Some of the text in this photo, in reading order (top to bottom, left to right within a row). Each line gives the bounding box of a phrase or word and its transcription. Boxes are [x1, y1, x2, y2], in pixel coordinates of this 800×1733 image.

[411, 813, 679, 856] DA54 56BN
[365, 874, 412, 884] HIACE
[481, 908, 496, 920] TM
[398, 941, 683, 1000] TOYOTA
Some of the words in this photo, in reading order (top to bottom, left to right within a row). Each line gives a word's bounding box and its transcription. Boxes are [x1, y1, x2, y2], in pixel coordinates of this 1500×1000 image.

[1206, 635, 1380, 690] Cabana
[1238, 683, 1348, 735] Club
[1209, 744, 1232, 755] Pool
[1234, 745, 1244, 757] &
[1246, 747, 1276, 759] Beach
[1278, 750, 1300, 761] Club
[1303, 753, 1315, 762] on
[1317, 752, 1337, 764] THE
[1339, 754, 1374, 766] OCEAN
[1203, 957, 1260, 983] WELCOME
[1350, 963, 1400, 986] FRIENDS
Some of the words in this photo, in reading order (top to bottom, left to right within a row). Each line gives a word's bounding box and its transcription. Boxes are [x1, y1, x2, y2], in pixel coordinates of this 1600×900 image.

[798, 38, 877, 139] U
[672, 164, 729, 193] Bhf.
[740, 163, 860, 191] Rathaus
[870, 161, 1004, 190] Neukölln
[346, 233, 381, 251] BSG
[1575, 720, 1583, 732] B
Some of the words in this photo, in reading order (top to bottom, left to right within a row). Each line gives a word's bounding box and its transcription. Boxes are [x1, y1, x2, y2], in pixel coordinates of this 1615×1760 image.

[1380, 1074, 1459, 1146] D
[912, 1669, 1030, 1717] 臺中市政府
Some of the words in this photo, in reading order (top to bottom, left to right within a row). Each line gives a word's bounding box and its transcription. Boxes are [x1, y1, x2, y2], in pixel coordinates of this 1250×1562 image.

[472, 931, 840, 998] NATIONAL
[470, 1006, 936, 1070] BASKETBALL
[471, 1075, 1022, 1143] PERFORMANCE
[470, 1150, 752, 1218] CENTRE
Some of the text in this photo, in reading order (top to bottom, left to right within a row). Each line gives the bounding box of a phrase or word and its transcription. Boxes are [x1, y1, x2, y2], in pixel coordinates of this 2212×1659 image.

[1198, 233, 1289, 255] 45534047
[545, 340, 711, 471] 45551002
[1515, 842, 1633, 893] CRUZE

● **About this task**: Restate all of the data above. Match it word for word.

● **Result**:
Some of the text in this photo, in reading order (top to bottom, left to right within a row). Each line gives the bounding box of a phrase or word and its transcription. Boxes are [x1, y1, x2, y2], in pixel coordinates of this 800×1733 image.

[411, 813, 679, 856] DA54 56BN
[365, 874, 412, 884] HIACE
[481, 908, 496, 920] TM
[398, 941, 683, 1000] TOYOTA
Some of the words in this photo, in reading order (top to bottom, left to right within a row). Each line gives a word's bounding box and its transcription. Boxes are [x1, y1, x2, y2], in pixel coordinates of this 1500×1000 image.

[1206, 635, 1380, 690] Cabana
[1238, 683, 1348, 735] Club
[1209, 744, 1232, 755] Pool
[1234, 745, 1244, 757] &
[1246, 747, 1276, 759] Beach
[1278, 750, 1300, 761] Club
[1303, 753, 1315, 762] on
[1317, 752, 1337, 764] THE
[1339, 754, 1374, 766] OCEAN
[1203, 957, 1260, 983] WELCOME
[1350, 963, 1400, 986] FRIENDS
Some of the words in this photo, in reading order (top to bottom, left to right within a row). Each line gives a word's bounding box and its transcription. Boxes are [x1, y1, x2, y2], in pixel coordinates of this 1600×900 image.

[798, 38, 877, 139] U
[672, 164, 729, 193] Bhf.
[740, 163, 860, 191] Rathaus
[870, 161, 1004, 190] Neukölln
[346, 233, 381, 251] BSG
[1575, 720, 1583, 732] B
Some of the words in this photo, in reading order (top to bottom, left to right within a row). Each line gives a word's bounding box and its transcription. Boxes are [x1, y1, x2, y2], in pixel coordinates of this 1615×1760 image.

[1380, 1074, 1459, 1146] D
[912, 1669, 1030, 1717] 臺中市政府
Some of the words in this photo, in reading order (top to bottom, left to right within a row). Each line gives a word's bounding box and its transcription. Boxes are [x1, y1, x2, y2], in pixel coordinates of this 1250×1562 image.

[472, 931, 840, 998] NATIONAL
[470, 1006, 936, 1070] BASKETBALL
[471, 1075, 1022, 1143] PERFORMANCE
[470, 1150, 752, 1218] CENTRE
Some of the text in this photo, in reading order (top to bottom, left to right within a row). Each line gives the bounding box of a phrase or word and its transcription. Boxes are [x1, y1, x2, y2], in pixel coordinates of this 2212×1659 image.

[1198, 233, 1289, 255] 45534047
[545, 340, 711, 471] 45551002
[1515, 842, 1633, 893] CRUZE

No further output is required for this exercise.